Periodic Reporting for period 1 - iNtoPoreAge (Assessing transcriptional and nuclear pore aging in age-equivalent and rejuvenated induced neurons from Alzheimer patients )
Reporting period: 2019-08-01 to 2021-07-31
The focus of this research is to study the biology of cellular aging and its relationship to neurodegenerative diseases by combining human patient-derived culture models with molecular biology, cell biology, and big data quantitative biology. Specifically, my research mostly focusses on the nuclear pore, a major driver of aging, and a convergence platform for biological age and other disease risk factors to cause for example Alzheimer‘s disease (AD).
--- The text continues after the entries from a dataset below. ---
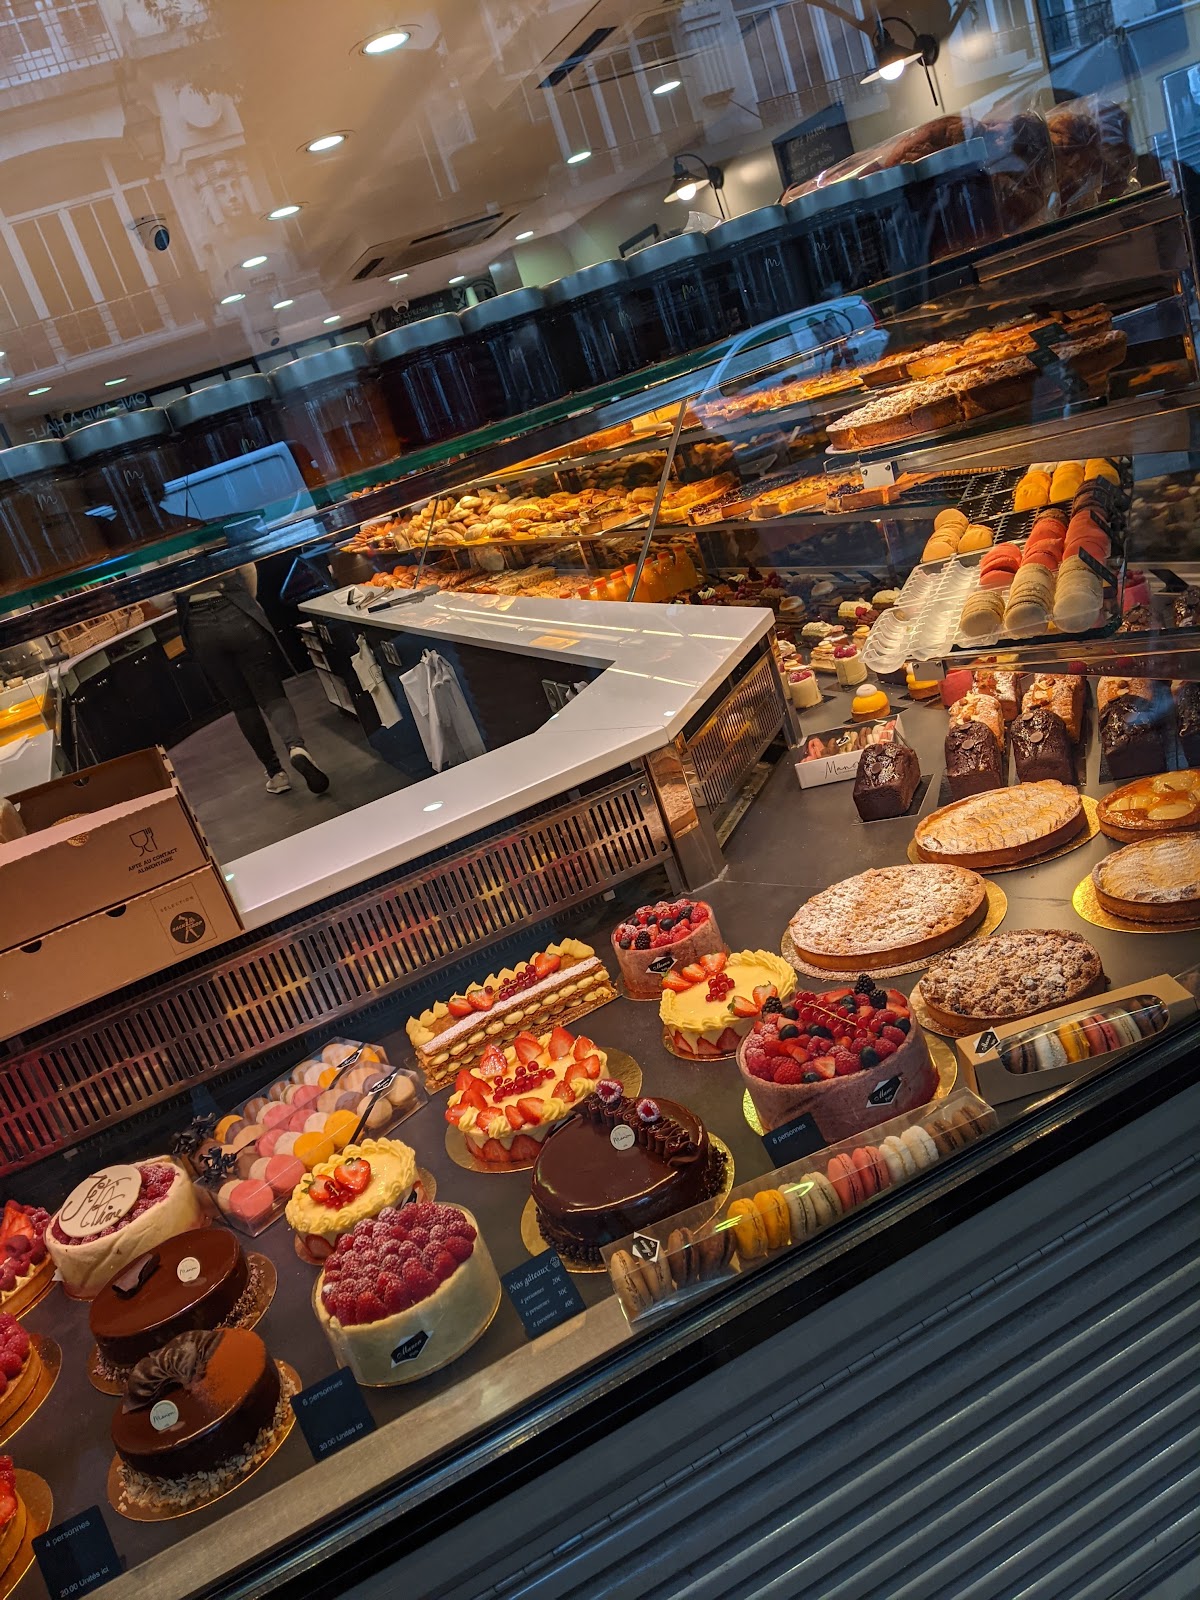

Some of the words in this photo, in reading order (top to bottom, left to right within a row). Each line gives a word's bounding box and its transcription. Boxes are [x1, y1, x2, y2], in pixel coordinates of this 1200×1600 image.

[825, 760, 858, 779] Mano
[128, 862, 143, 872] APTE
[143, 858, 152, 867] AU
[152, 847, 178, 861] CONTACT
[137, 856, 174, 874] ALIMENTAIRE
[777, 1123, 806, 1143] personnes
[509, 1279, 523, 1294] Nos
[523, 1264, 552, 1287] gâteaux
[523, 1287, 545, 1305] personnes
[529, 1299, 550, 1316] personnes
[536, 1310, 558, 1327] personnes
[302, 1398, 308, 1406] 6
[308, 1380, 343, 1404] personnes
[319, 1437, 337, 1451] 30.00
[355, 1422, 364, 1430] ici
[45, 1540, 51, 1548] 4
[52, 1520, 91, 1545] personnes
[60, 1582, 79, 1598] 20.00
[101, 1565, 110, 1575] ici
My approach involves the combination of state-of-the-art human cell reprogramming technologies such as induced pluripotent stem cell (iPSC) differentiation and direct neuronal conversion (iN) with next-generation sequencing technologies, multi-omic big data approaches, and functional neuroscience to unravel the biological meaning of old age to human neurons and the development of AD.
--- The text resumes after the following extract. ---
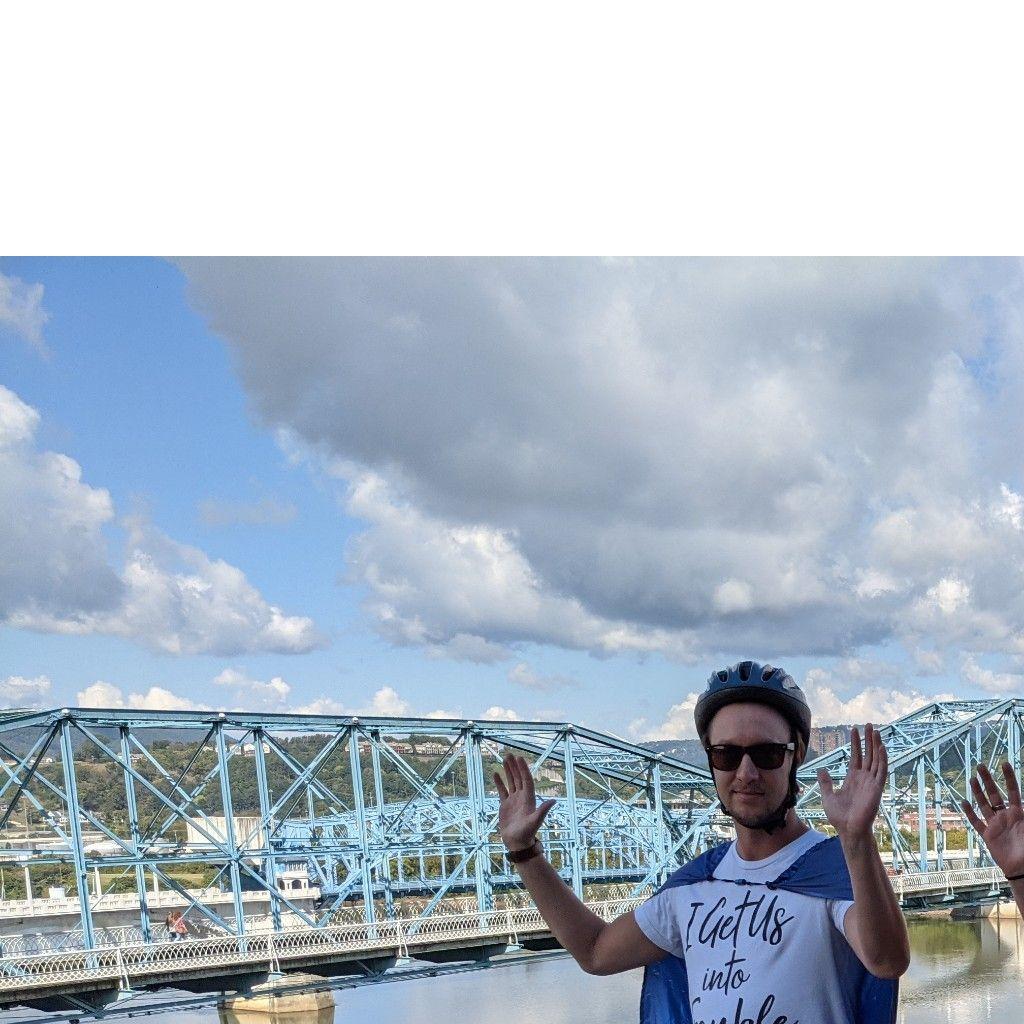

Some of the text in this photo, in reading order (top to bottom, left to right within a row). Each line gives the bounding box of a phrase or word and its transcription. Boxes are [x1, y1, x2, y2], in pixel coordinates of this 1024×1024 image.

[685, 890, 795, 952] I Get Us
[702, 949, 751, 996] into
Foundational parts and ideas for the project are based on my work on human cell reprogramming in the context of aging has made a strong impact on the field of human disease modeling. In a study published as a cover story in Cell Stem Cell, we could show that direct iN conversion results in age-equivalent neurons, while neuronal iPSC-based derivatives were erased of their aging information and thus face limitations in the context of modeling age-related disease. We could further show that human neurons show age-dependent defects in the nuclear pore-associated transport receptor RanBP17 and nucleocytoplasmic compartmentalization. As part of this project, we integrated our findings with the conventional concepts of neural cell differentiation and nuclear pore functions in a review article published in Experimental Gerontology.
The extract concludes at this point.